Andrew Morton <[email protected]> writes:
> On Mon, 11 Dec 2006 16:34:27 +0300
> Dmitriy Monakhov <[email protected]> wrote:
>
>> OpenVZ team has discovered error inside generic_file_direct_write()
>> If generic_file_direct_IO() has fail (ENOSPC condition) it may have instantiated
>> a few blocks outside i_size.
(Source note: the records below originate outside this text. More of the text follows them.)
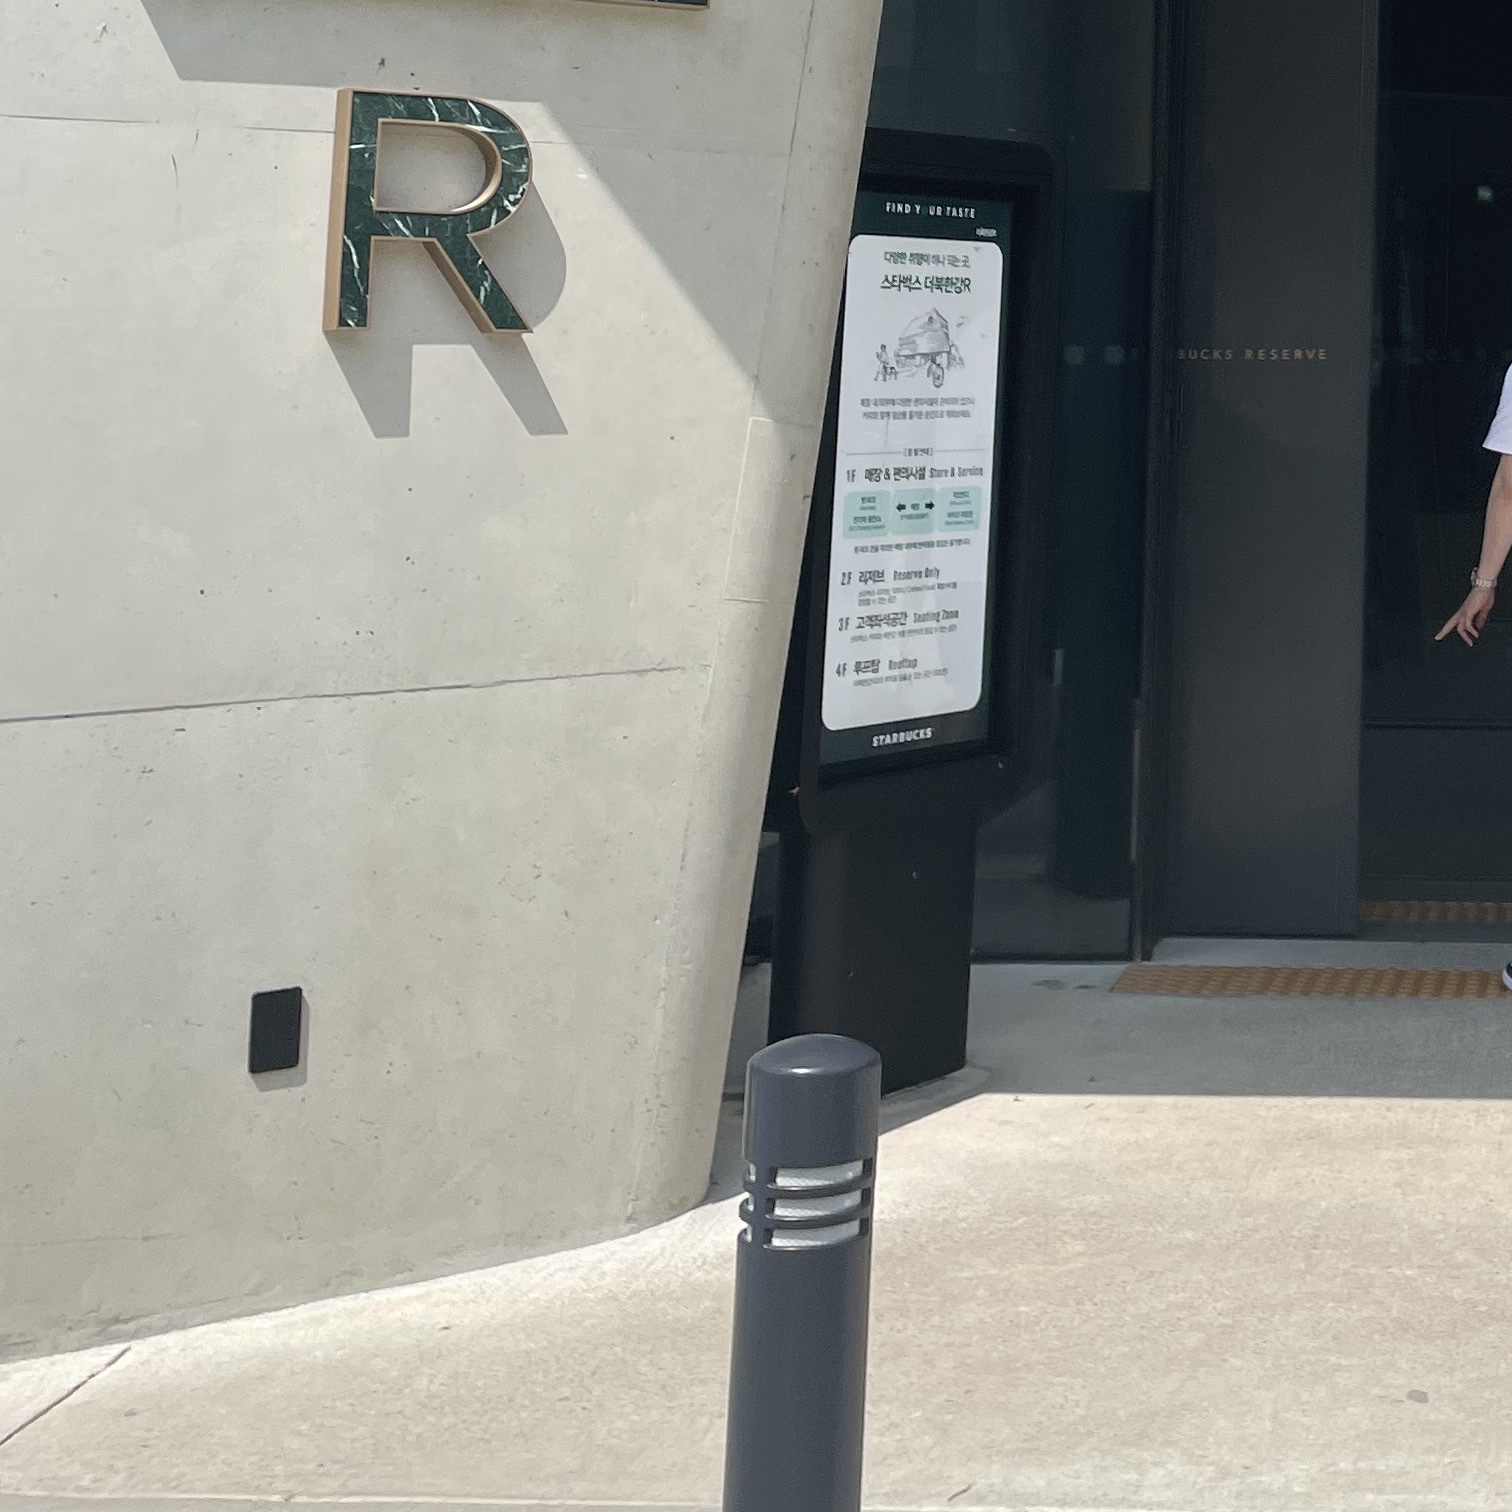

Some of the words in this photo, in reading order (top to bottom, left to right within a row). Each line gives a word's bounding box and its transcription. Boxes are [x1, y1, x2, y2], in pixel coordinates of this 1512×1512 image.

[323, 88, 534, 334] R
[885, 201, 911, 214] FIND
[914, 203, 943, 217] YUR
[945, 206, 976, 219] TASTE
[880, 274, 923, 293] 스타벅스
[924, 276, 972, 295] 더북한강R
[1243, 348, 1327, 360] RESERVE
[871, 727, 933, 747] STARBUCKS
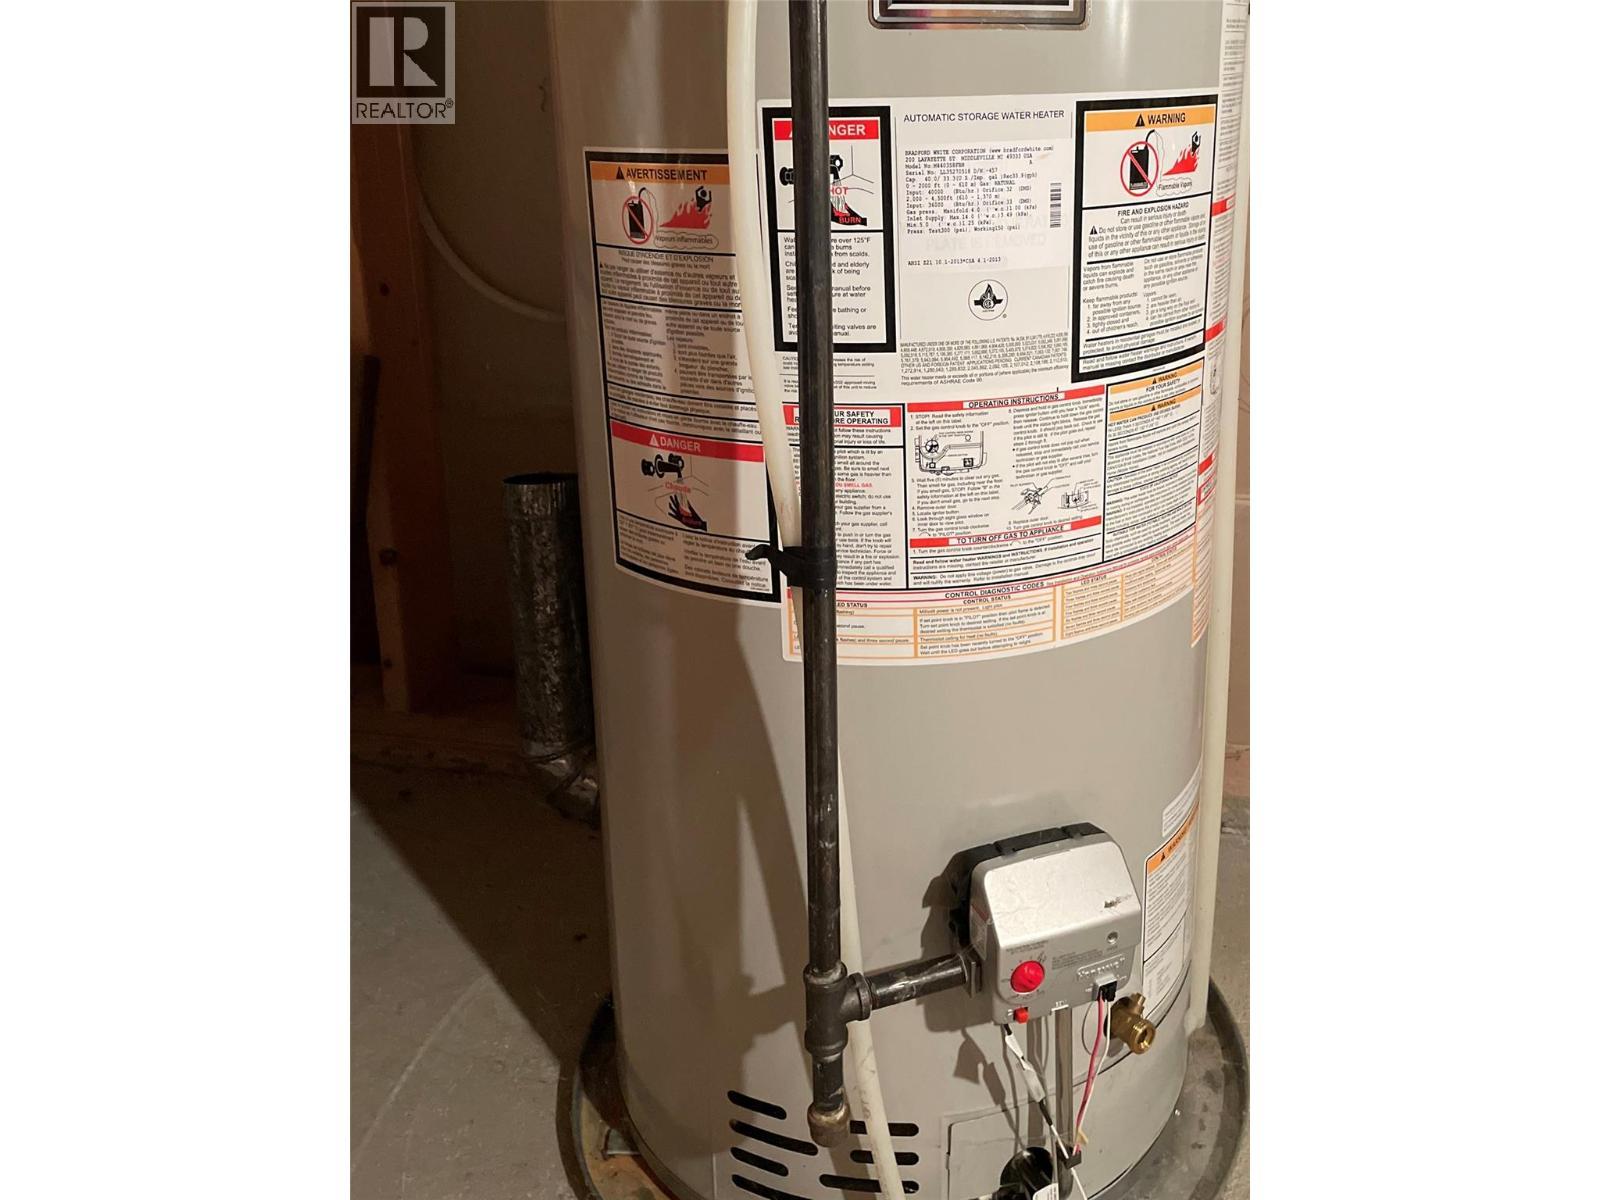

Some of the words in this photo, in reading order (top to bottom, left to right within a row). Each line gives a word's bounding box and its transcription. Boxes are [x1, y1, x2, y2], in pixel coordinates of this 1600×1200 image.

[904, 113, 955, 122] AUTOMATIC
[958, 112, 999, 121] STORAGE
[1001, 110, 1031, 120] WATER
[1033, 110, 1065, 118] HEATER
[1148, 112, 1186, 124] WARNING
[829, 125, 866, 136] NGER
[627, 168, 708, 181] AVERTISSEMENT
[1118, 209, 1131, 217] FIRE
[1144, 204, 1172, 214] EXPLOSION
[1171, 201, 1190, 210] HAZARD
[839, 216, 862, 224] BURN
[850, 260, 870, 269] elderly
[1083, 265, 1101, 273] Vapors
[844, 268, 861, 276] being
[838, 306, 860, 314] bathing
[969, 399, 1010, 409] OPERATING
[1010, 394, 1059, 406] INSTRUCTIONS
[846, 410, 875, 418] SAFETY
[660, 437, 701, 452] DANGER
[968, 535, 988, 544] TURN
[988, 533, 1003, 542] OFF
[1003, 531, 1018, 540] GAS
[1019, 529, 1029, 538] TO
[1029, 525, 1065, 536] APPLIANCE
[945, 590, 978, 599] CONTROL
[979, 585, 1021, 596] DIAGNOSTIC
[1022, 581, 1045, 590] CODES
[962, 597, 990, 605] CONTROL
[990, 594, 1012, 602] STATUS
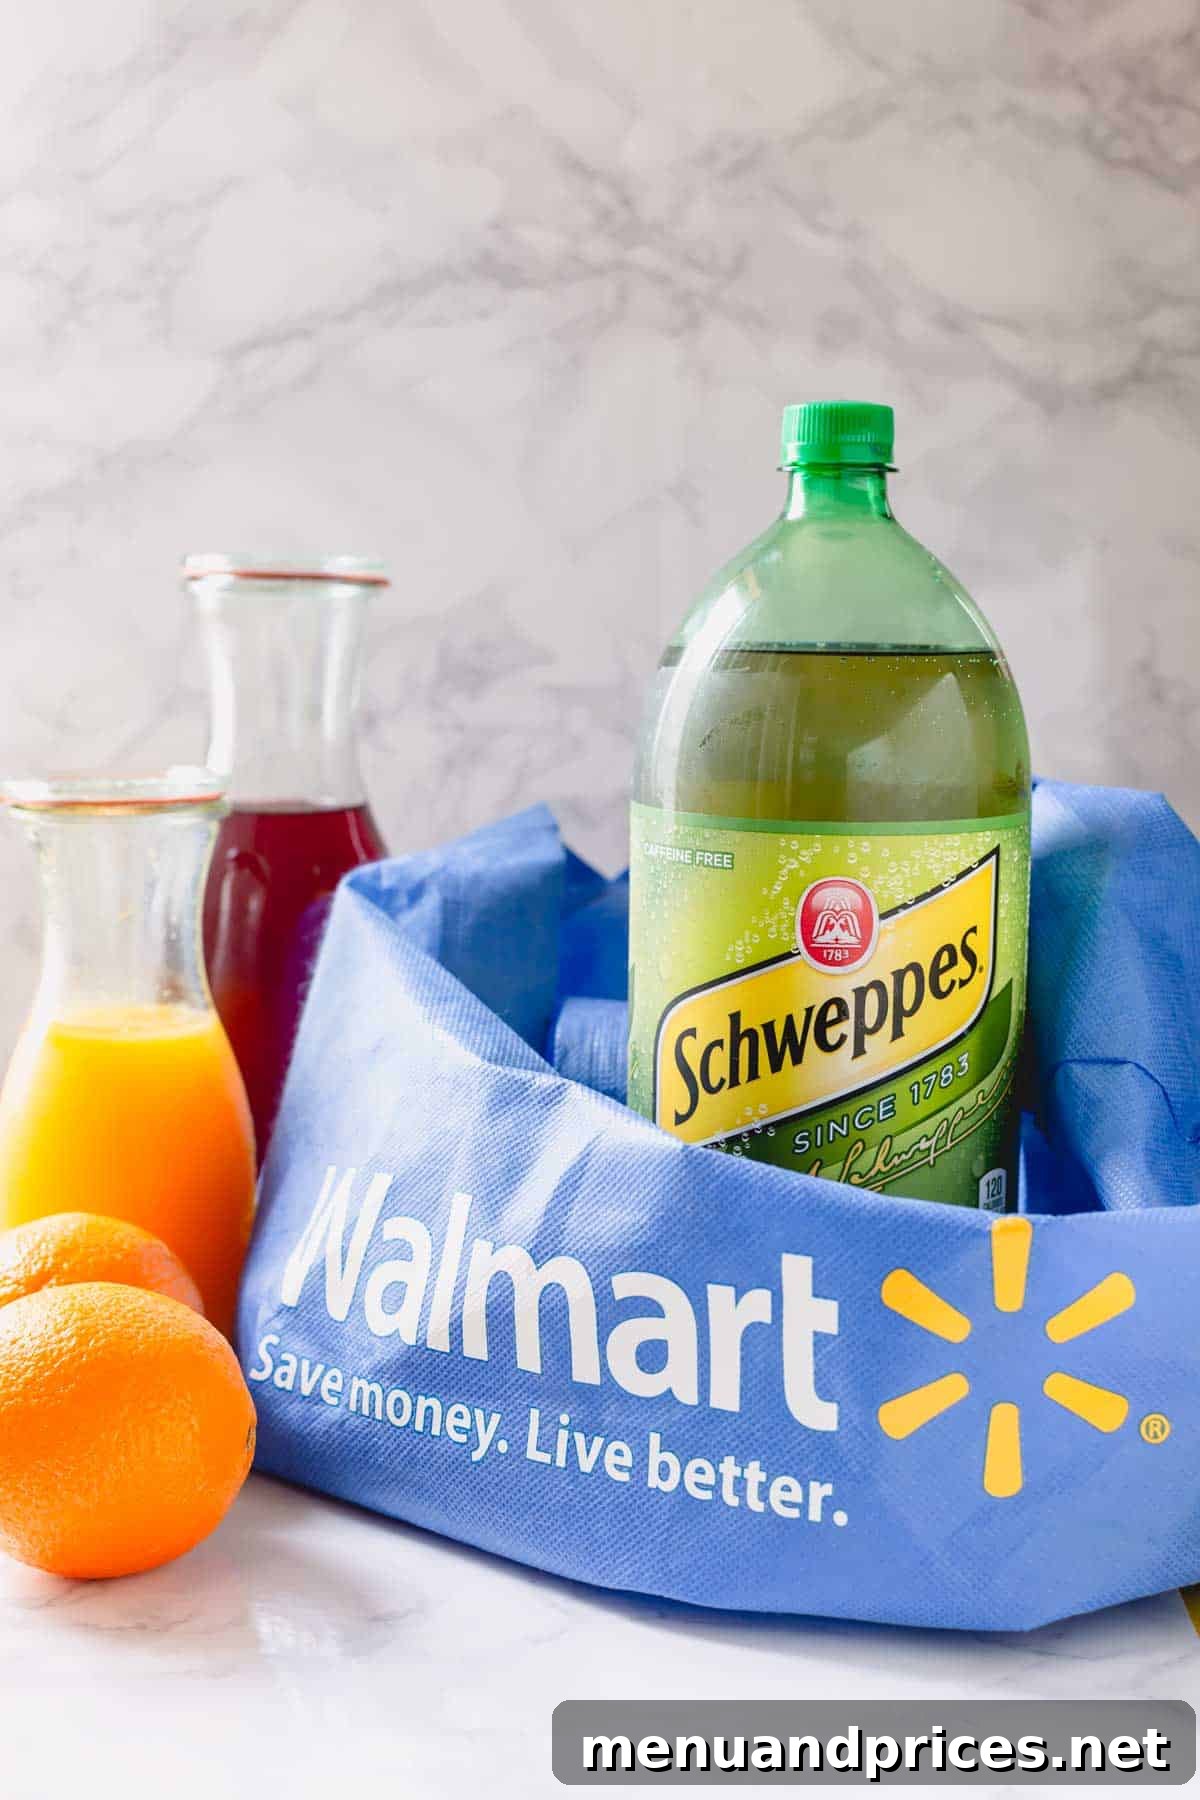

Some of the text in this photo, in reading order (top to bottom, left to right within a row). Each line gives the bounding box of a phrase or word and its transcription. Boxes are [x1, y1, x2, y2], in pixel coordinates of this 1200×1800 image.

[643, 842, 733, 868] CAFFEINE FREE
[823, 949, 849, 961] 1783
[673, 925, 979, 1126] Schweppes
[793, 1052, 970, 1154] SINCE 1783
[985, 1175, 1003, 1200] 120
[280, 1165, 839, 1432] Walmart
[249, 1333, 850, 1527] Save money. Live better.
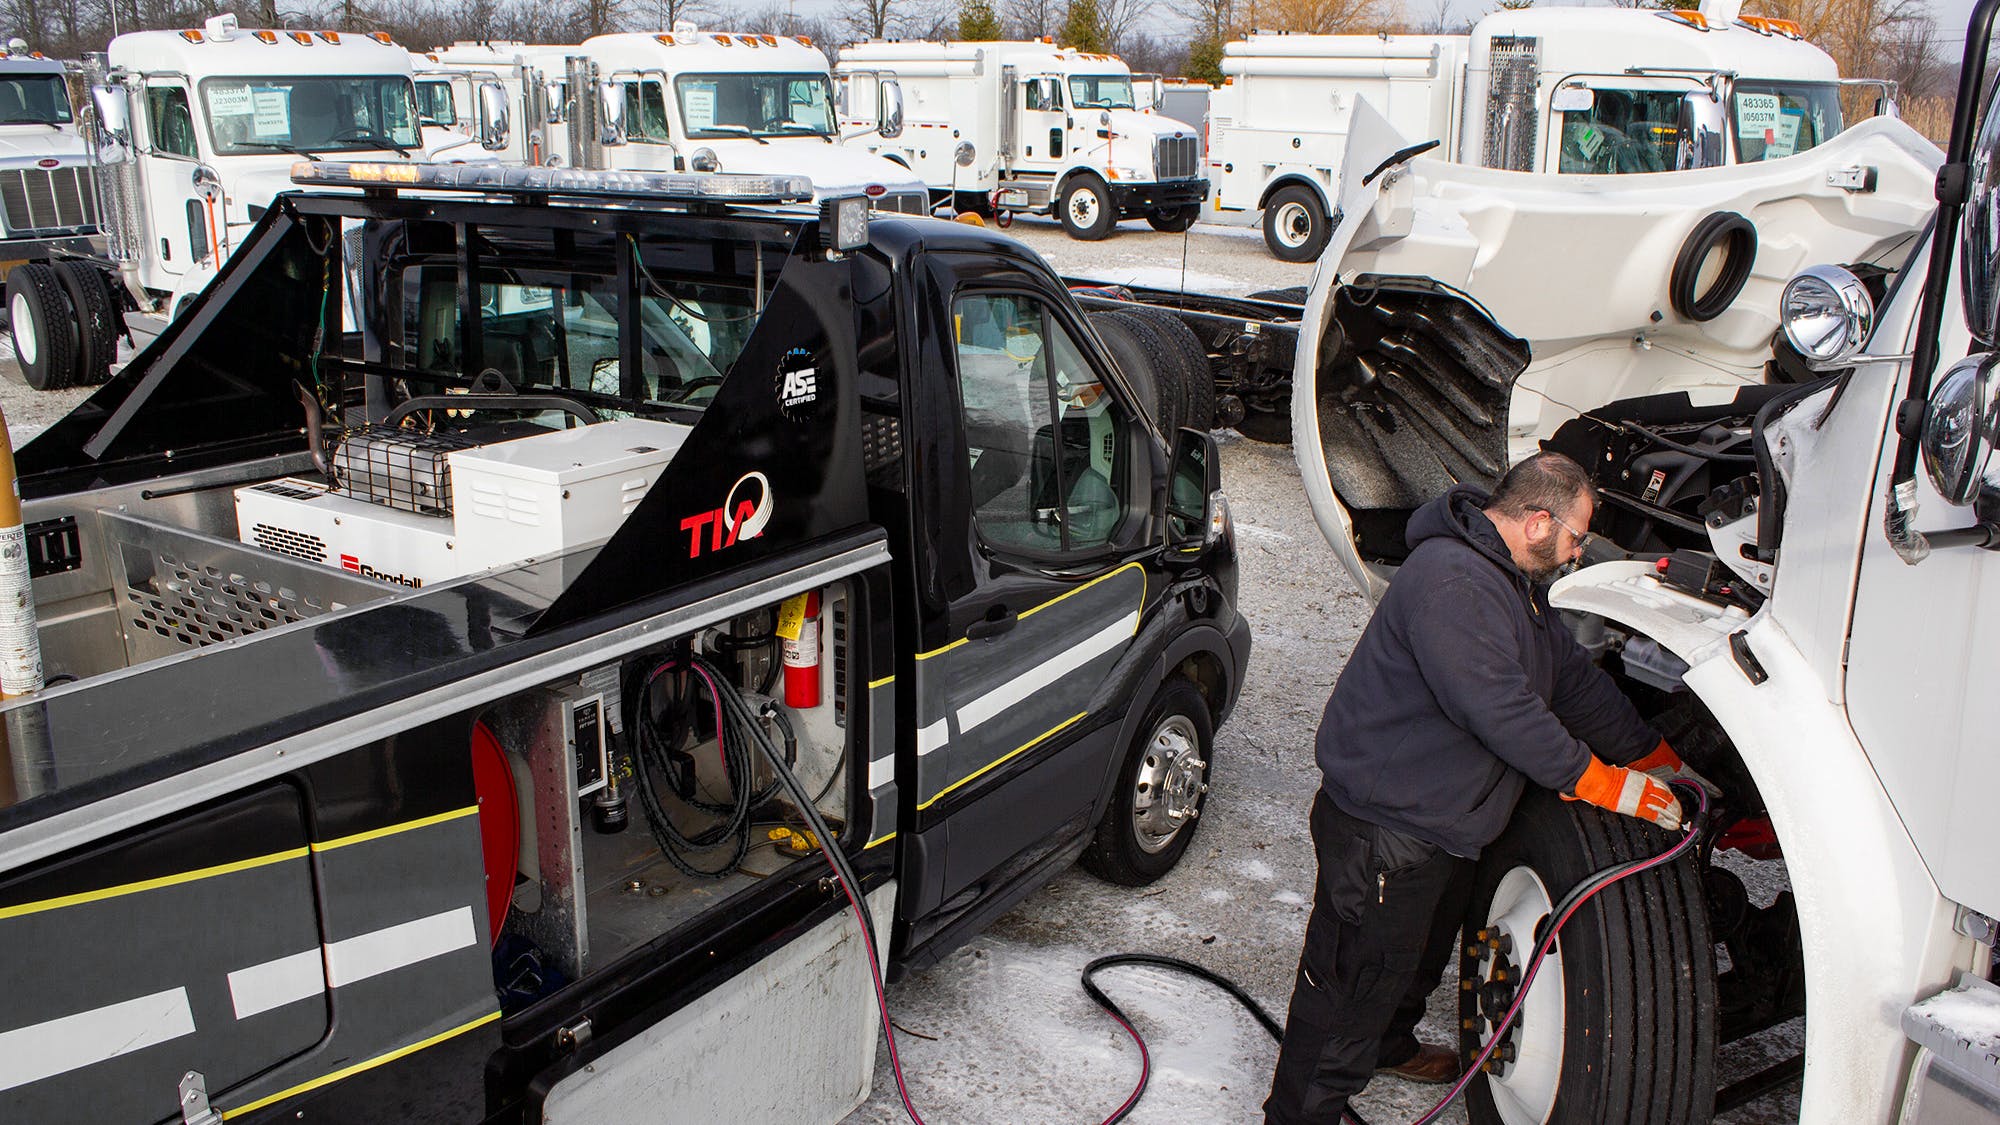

And fsck will complain about wrong i_size
>> (ext2, ext3 and reiserfs interpret i_size and biggest block difference as error),
>> after fsck will fix error i_size will be increased to the biggest block,
>> but this blocks contain gurbage from previous write attempt, this is not
>> information leak, but its silence file data corruption.
>> We need truncate any block beyond i_size after write have failed , do in simular
>> generic_file_buffered_write() error path.
>>
>> Exampe:
>> open("mnt2/FILE3", O_WRONLY|O_CREAT|O_DIRECT, 0666) = 3
>> write(3, "aaaaaa"..., 4096) = -1 ENOSPC (No space left on device)
>>
>> stat mnt2/FILE3
>> File: `mnt2/FILE3'
>> Size: 0 Blocks: 4 IO Block: 4096 regular empty file
>> >>>>>>>>>>>>>>>>>>>>>>^^^^^^^^^^ file size is less than biggest block idx
>> Device: 700h/1792d Inode: 14 Links: 1
>> Access: (0644/-rw-r--r--) Uid: ( 0/ root) Gid: ( 0/ root)
>>
>> fsck.ext2 -f -n mnt1/fs_img
>> Pass 1: Checking inodes, blocks, and sizes
>> Inode 14, i_size is 0, should be 2048. Fix? no
>>
>> Signed-off-by: Dmitriy Monakhov <[email protected]>
>> ----------
>>
>> diff --git a/mm/filemap.c b/mm/filemap.c
>> index 7b84dc8..bf7cf6c 100644
>> --- a/mm/filemap.c
>> +++ b/mm/filemap.c
>> @@ -2041,6 +2041,14 @@ generic_file_direct_write(struct kiocb *
>> mark_inode_dirty(inode);
>> }
>> *ppos = end;
>> + } else if (written < 0) {
>> + loff_t isize = i_size_read(inode);
>> + /*
>> + * generic_file_direct_IO() may have instantiated a few blocks
>> + * outside i_size. Trim these off again.
>> + */
>> + if (pos + count > isize)
>> + vmtruncate(inode, isize);
>> }
>>
>
> XFS (at least) can call generic_file_direct_write() with i_mutex not held.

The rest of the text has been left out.